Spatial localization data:
- Opening Delimiter -

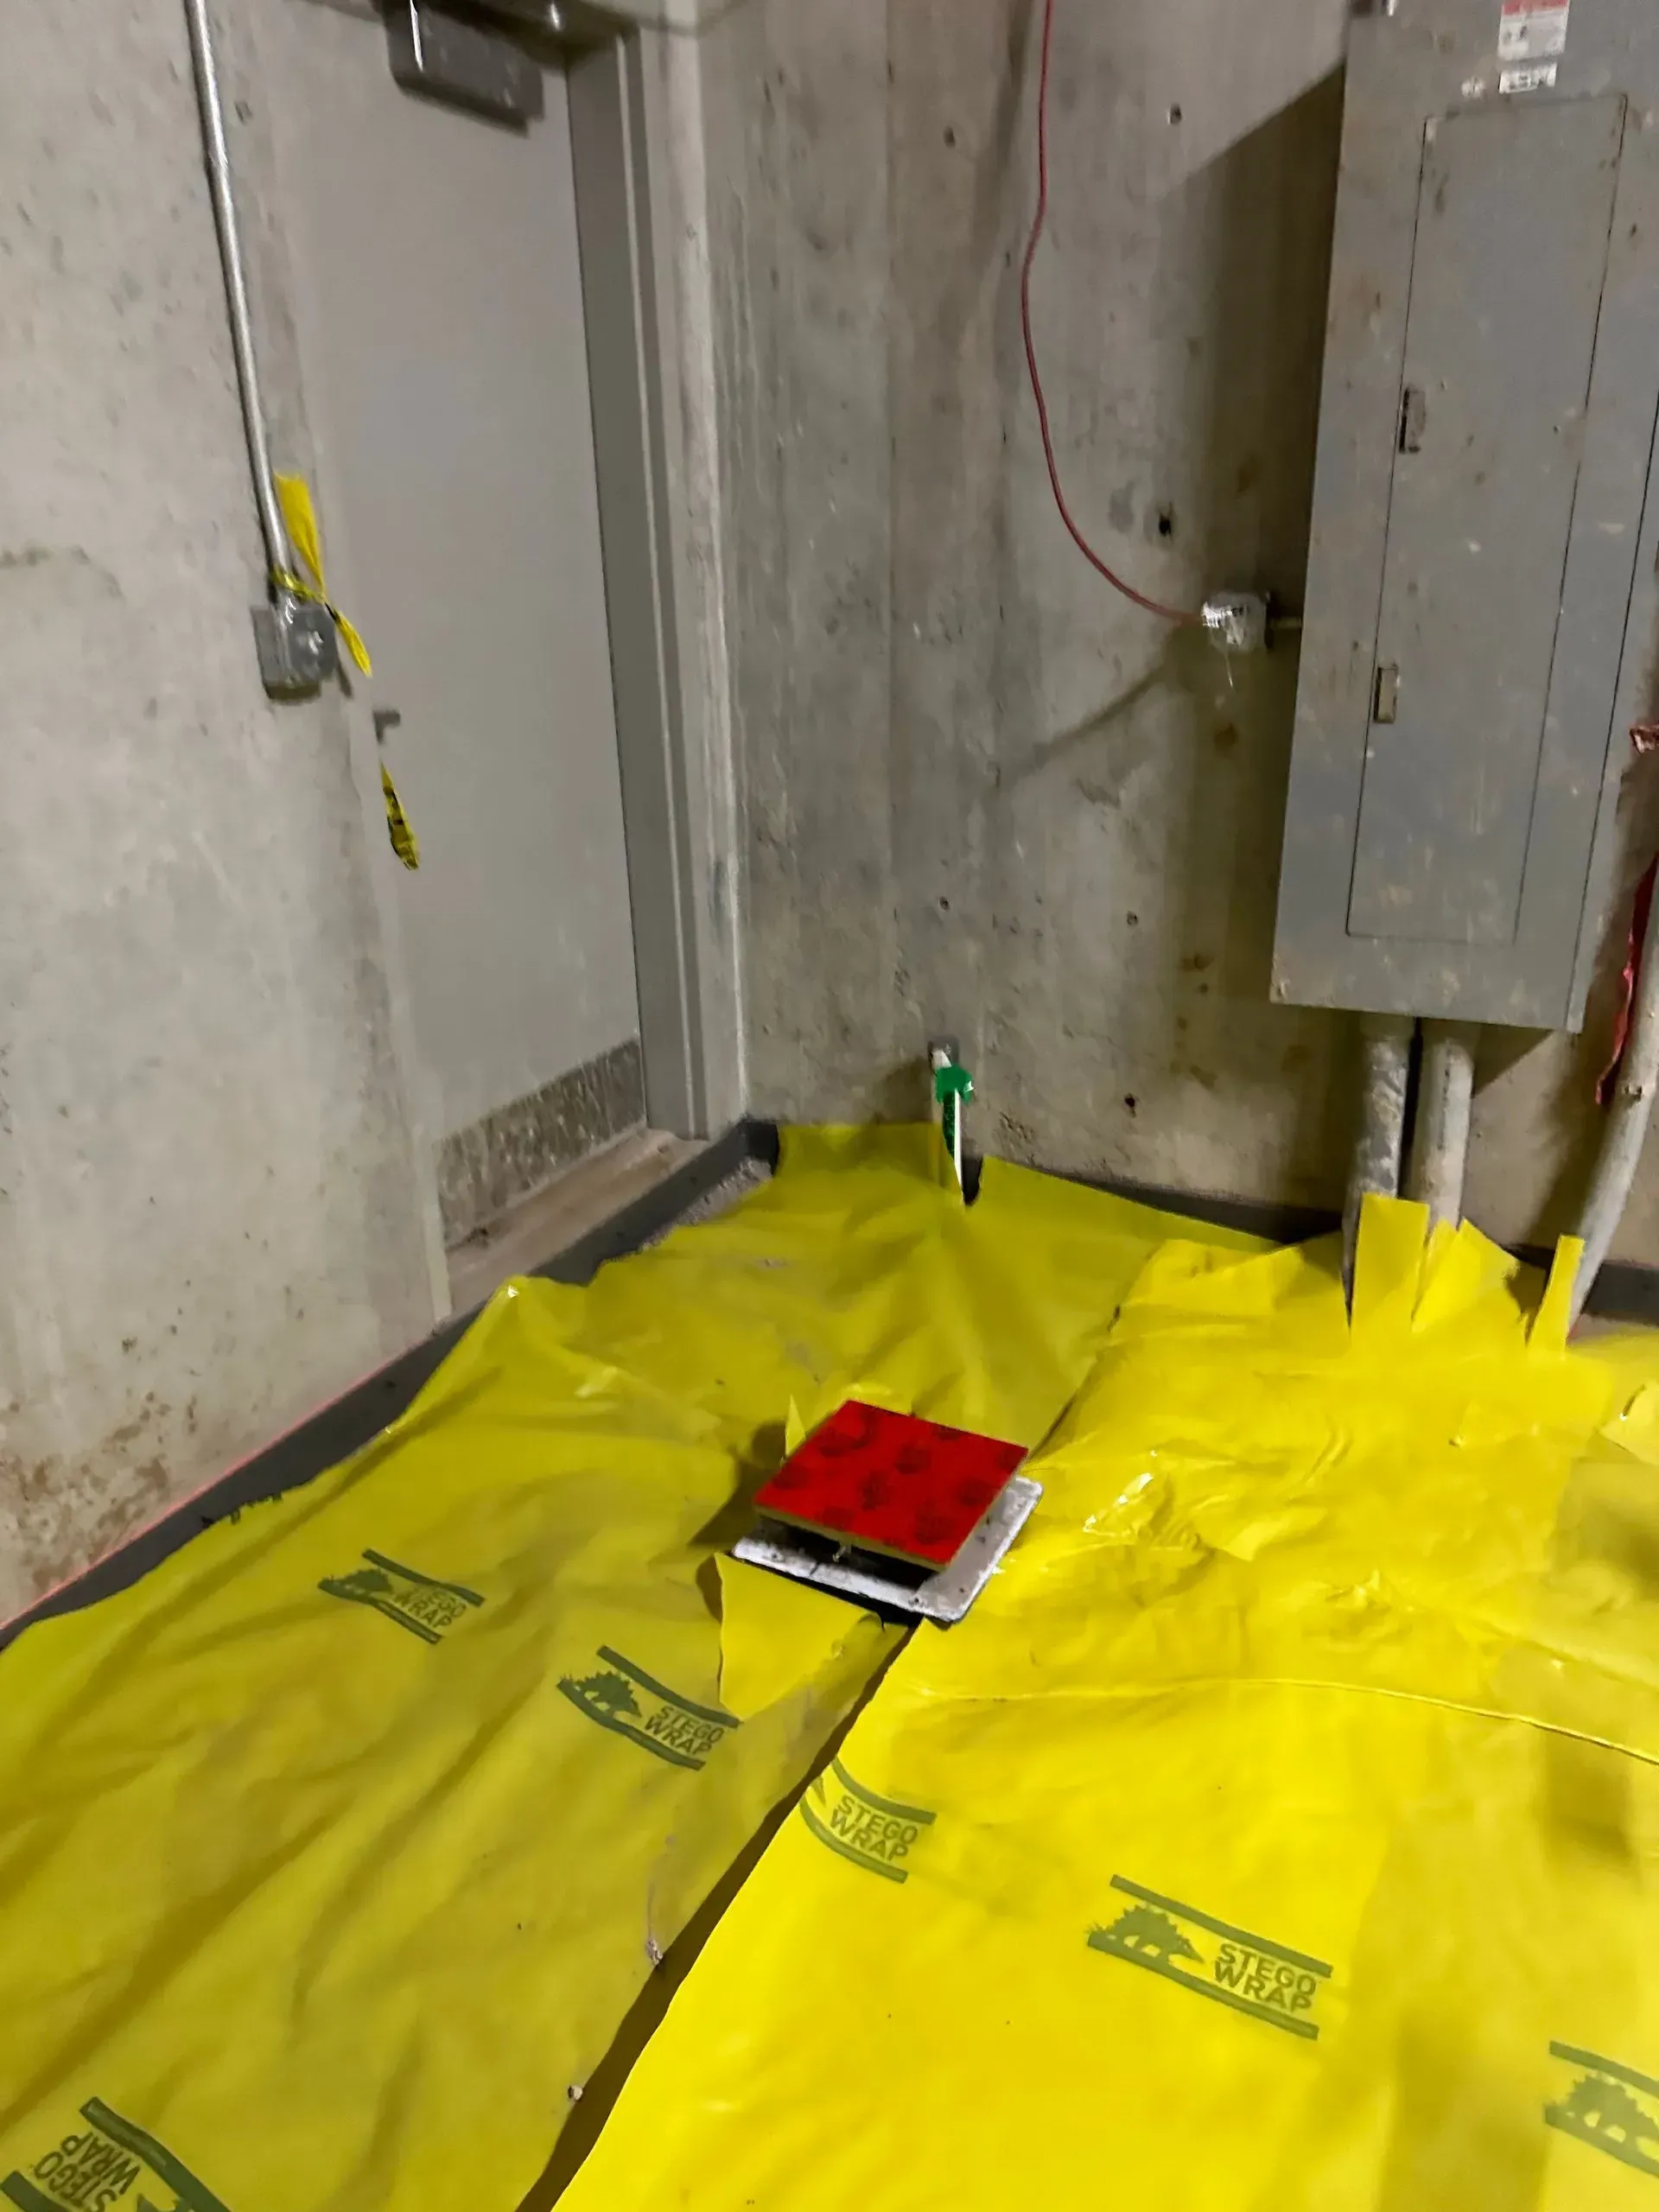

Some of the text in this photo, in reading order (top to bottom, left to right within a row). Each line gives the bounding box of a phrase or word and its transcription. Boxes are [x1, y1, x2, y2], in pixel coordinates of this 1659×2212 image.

[404, 1585, 467, 1619] EGO
[645, 1715, 713, 1755] WRAP
[658, 1705, 725, 1744] STEGO
[830, 1807, 910, 1861] WRAP
[838, 1795, 918, 1845] STEGO
[1214, 1956, 1313, 2012] WRAP
[1220, 1942, 1317, 1997] STEGO
[33, 2151, 118, 2212] STEGO
[60, 2131, 142, 2196] WRAP

- Closing Delimiter -

▸ To do
With the pictures omitted, restate every entry above word for word.

▸ Answer below
Some of the text in this photo, in reading order (top to bottom, left to right within a row). Each line gives the bounding box of a phrase or word and its transcription. Boxes are [x1, y1, x2, y2], in pixel coordinates of this 1659×2212 image.

[404, 1585, 467, 1619] EGO
[645, 1715, 713, 1755] WRAP
[658, 1705, 725, 1744] STEGO
[830, 1807, 910, 1861] WRAP
[838, 1795, 918, 1845] STEGO
[1214, 1956, 1313, 2012] WRAP
[1220, 1942, 1317, 1997] STEGO
[33, 2151, 118, 2212] STEGO
[60, 2131, 142, 2196] WRAP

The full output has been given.